Malcolm Slater

Personal information
- Full name: Malcolm Bruce Slater
- Date of birth: 22 October 1938 (age 86)
- Place of birth: Buckie, Scotland
- Date of death: 20 January 2021
- Place of death: Southend
- Position(s): Right winger

Youth career
- Buckie Thistle

Senior career*
- Years: Team / Apps / (Gls)
- 1958–1960: Celtic / 5 / (1)
- 1960–1961: Buckie Thistle / ? / (?)
- 1961–1962: Inverness Caledonian / ? / (?)
- 1962–1963: Montrose / 25 / (3)
- 1963–1966: Southend United / 82 / (6)
- 1966–1970: Leyton Orient / 111 / (4)
- 1969: → Colchester United (loan) / 4 / (0)
- 1970–?: Folkestone Town / ? / (?)

= Malcolm Slater =

Scottish footballer

Malcolm Bruce Slater (born 22 October 1938) was a Scottish former professional footballer, who played as a winger.
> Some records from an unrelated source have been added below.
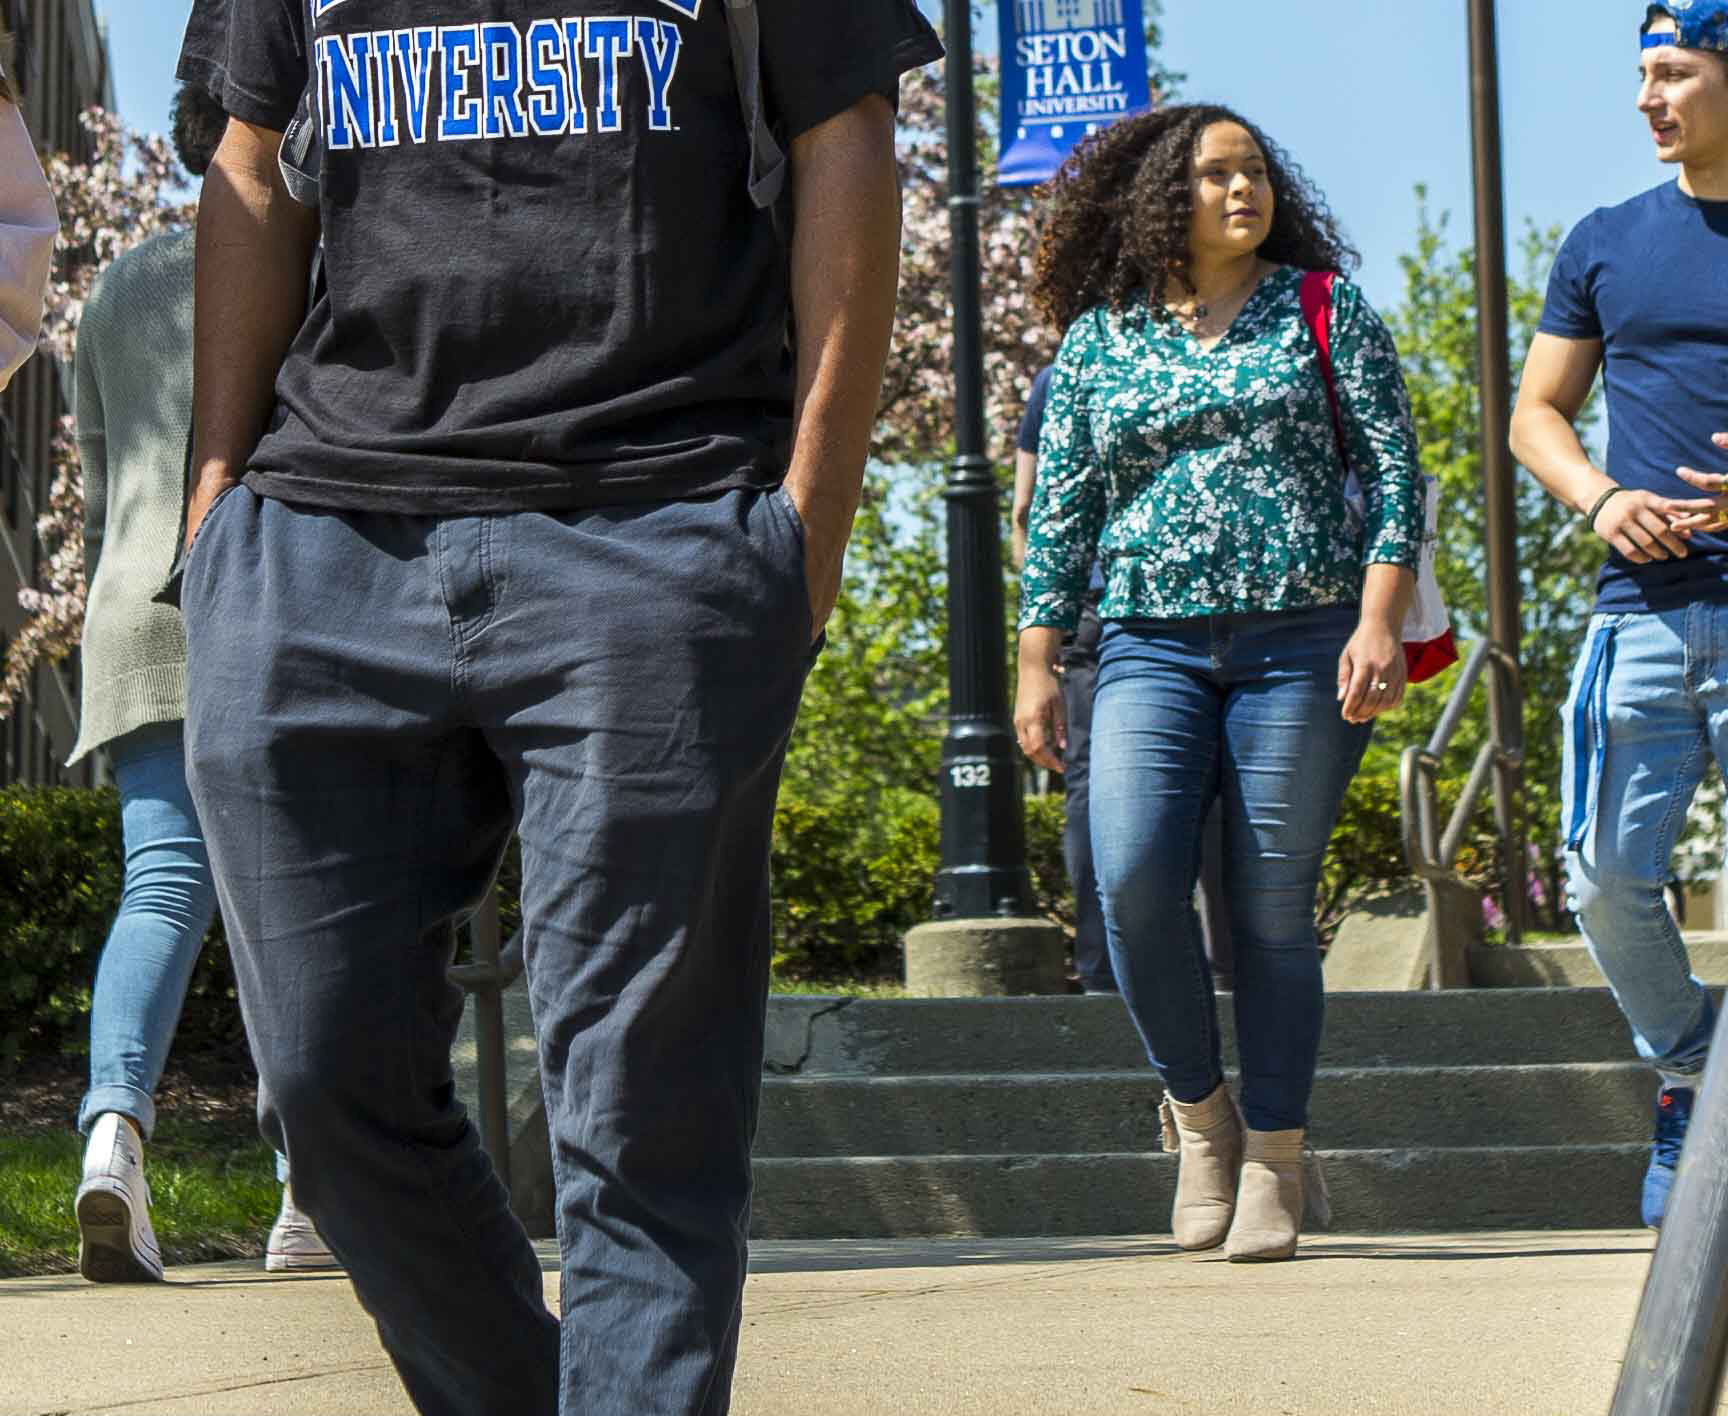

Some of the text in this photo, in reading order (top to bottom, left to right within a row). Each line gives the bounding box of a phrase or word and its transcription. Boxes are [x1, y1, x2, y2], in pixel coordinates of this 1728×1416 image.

[1016, 28, 1127, 67] SETON
[315, 15, 684, 150] NIVERSITY
[1026, 61, 1123, 98] HALL
[1017, 92, 1129, 117] UNIVERSITY
[950, 764, 992, 788] 132
A product of the Highland League club Buckie Thistle, Slater played in the Scottish Football League for Celtic and Montrose, the English Football League for Southend United, Leyton Orient and Colchester United. He also played non-league football in both Scotland and England for Inverness Caledonian of the Highland League, and Folkestone Town of the English Southern League at that time.